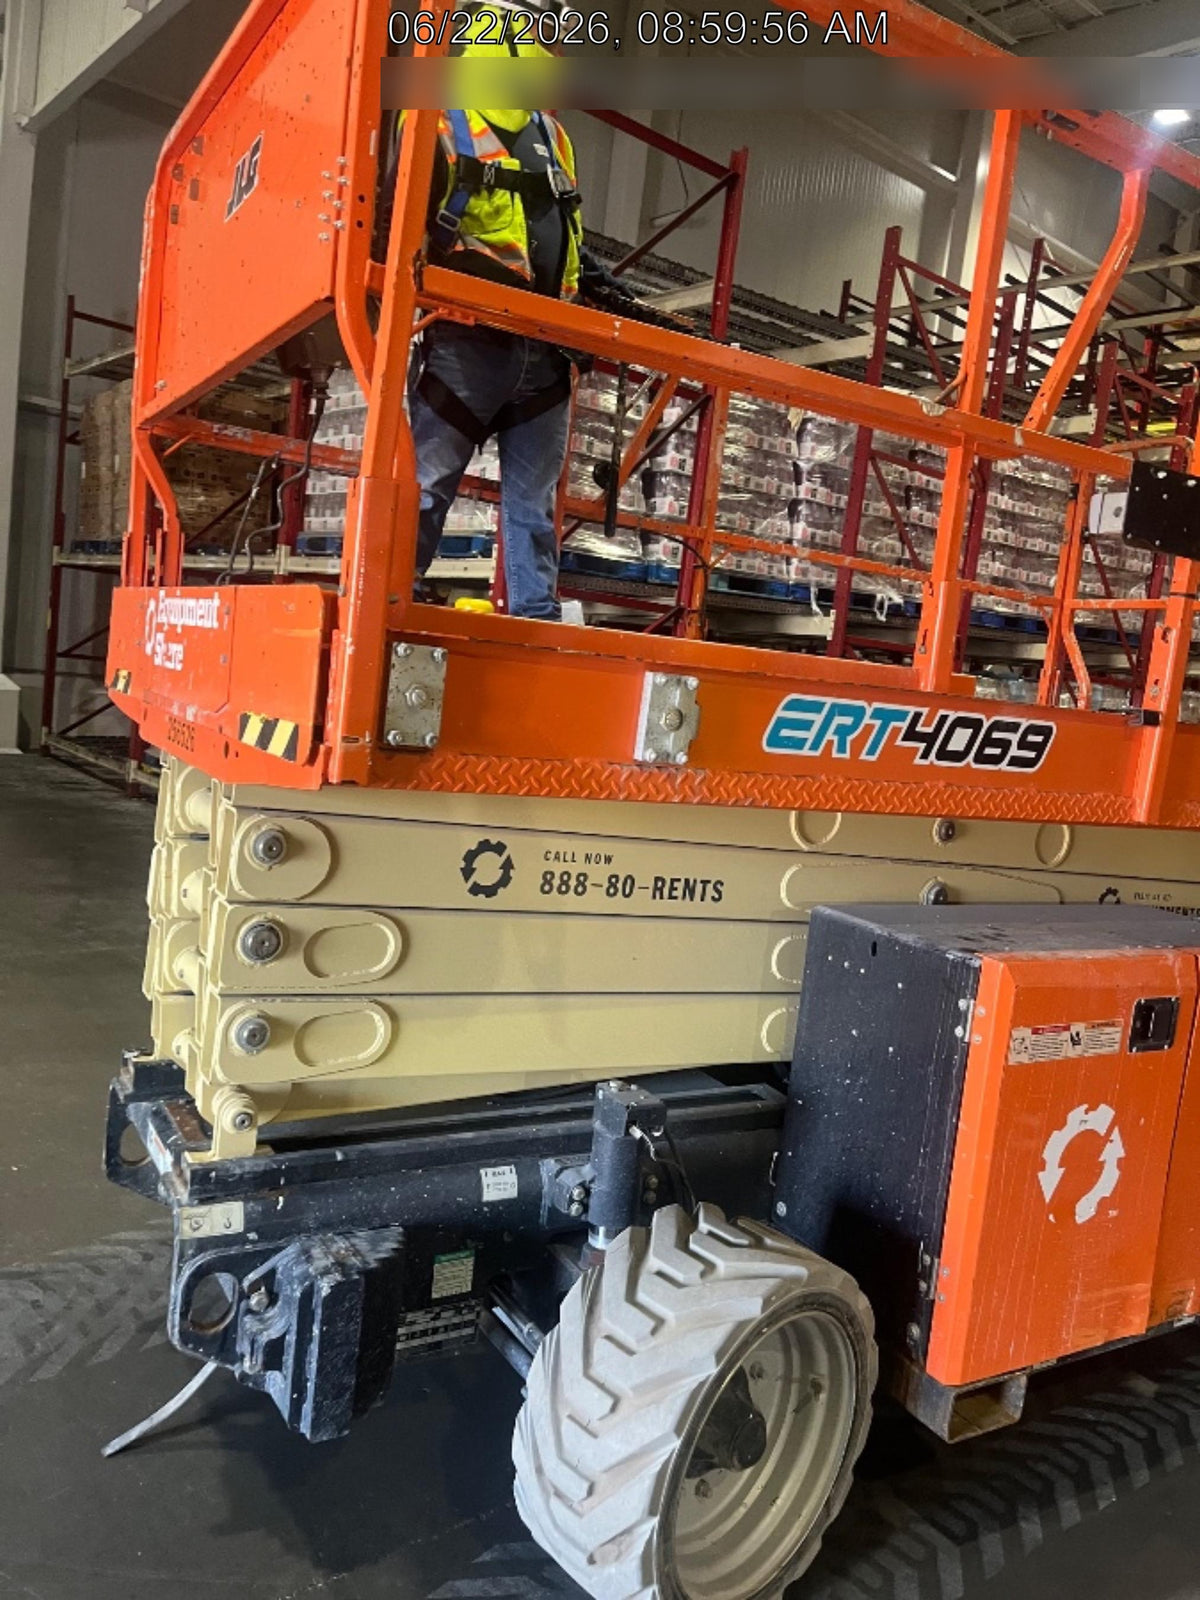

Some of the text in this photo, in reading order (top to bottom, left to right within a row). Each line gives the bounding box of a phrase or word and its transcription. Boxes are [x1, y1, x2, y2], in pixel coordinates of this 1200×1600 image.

[762, 693, 1057, 773] ERT4069
[543, 849, 614, 865] CALL NOW
[540, 870, 724, 902] 888-80-RENTS
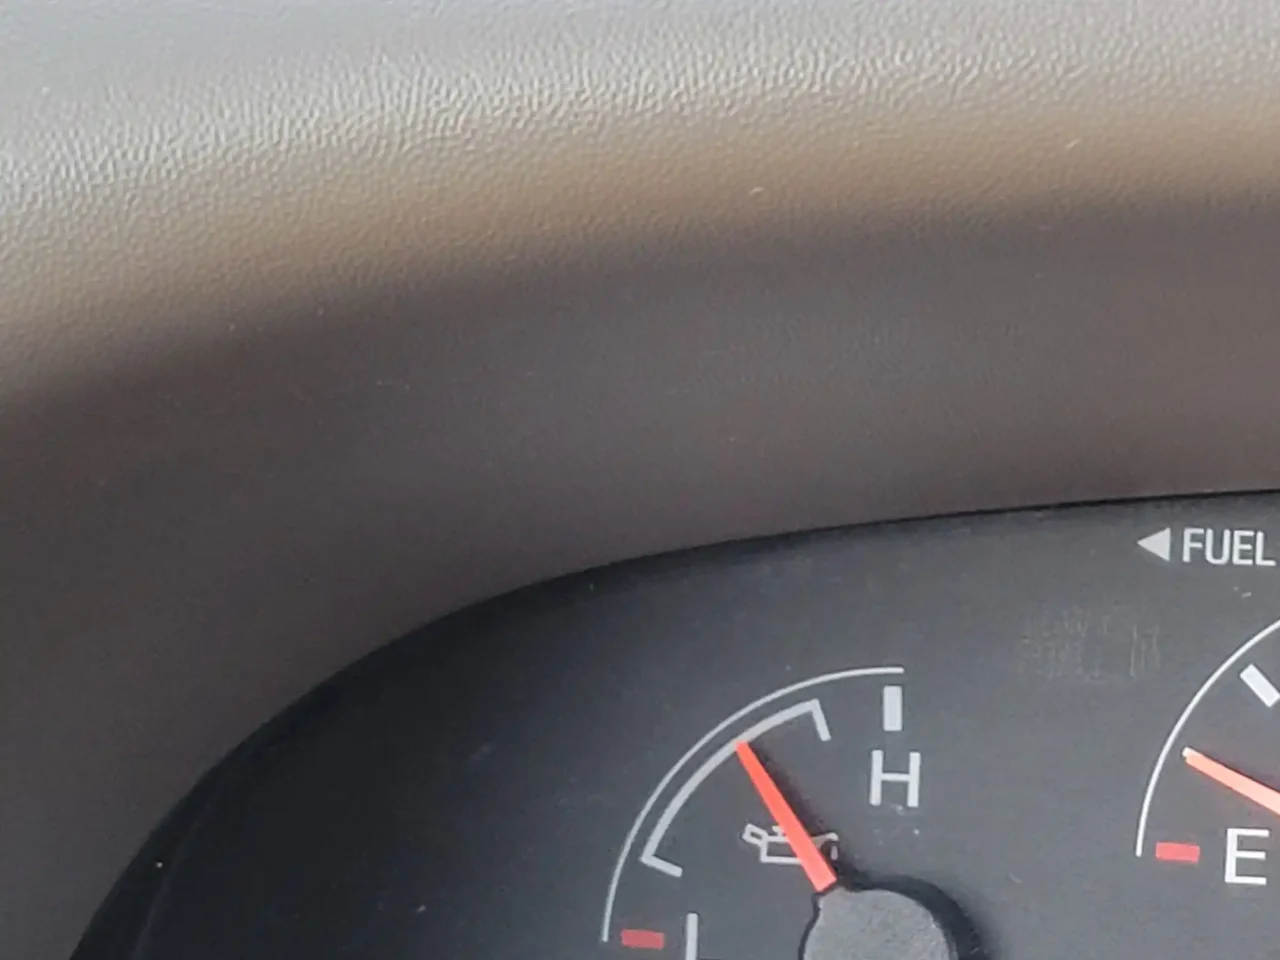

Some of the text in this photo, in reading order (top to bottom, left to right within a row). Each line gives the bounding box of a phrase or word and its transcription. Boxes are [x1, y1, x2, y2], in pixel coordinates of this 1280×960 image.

[1182, 528, 1276, 567] FUEL
[869, 749, 921, 808] H
[1224, 828, 1270, 885] E
──────────────────────────────
Please output all of the entries exactly as they appear, with no pictures.

Some of the text in this photo, in reading order (top to bottom, left to right within a row). Each line gives the bounding box of a phrase or word and its transcription. Boxes are [x1, y1, x2, y2], in pixel coordinates of this 1200×1600 image.

[762, 693, 1057, 773] ERT4069
[543, 849, 614, 865] CALL NOW
[540, 870, 724, 902] 888-80-RENTS

Some of the text in this photo, in reading order (top to bottom, left to right within a row). Each line gives the bounding box of a phrase or word and its transcription. Boxes are [x1, y1, x2, y2], in pixel coordinates of this 1280×960 image.

[1182, 528, 1276, 567] FUEL
[869, 749, 921, 808] H
[1224, 828, 1270, 885] E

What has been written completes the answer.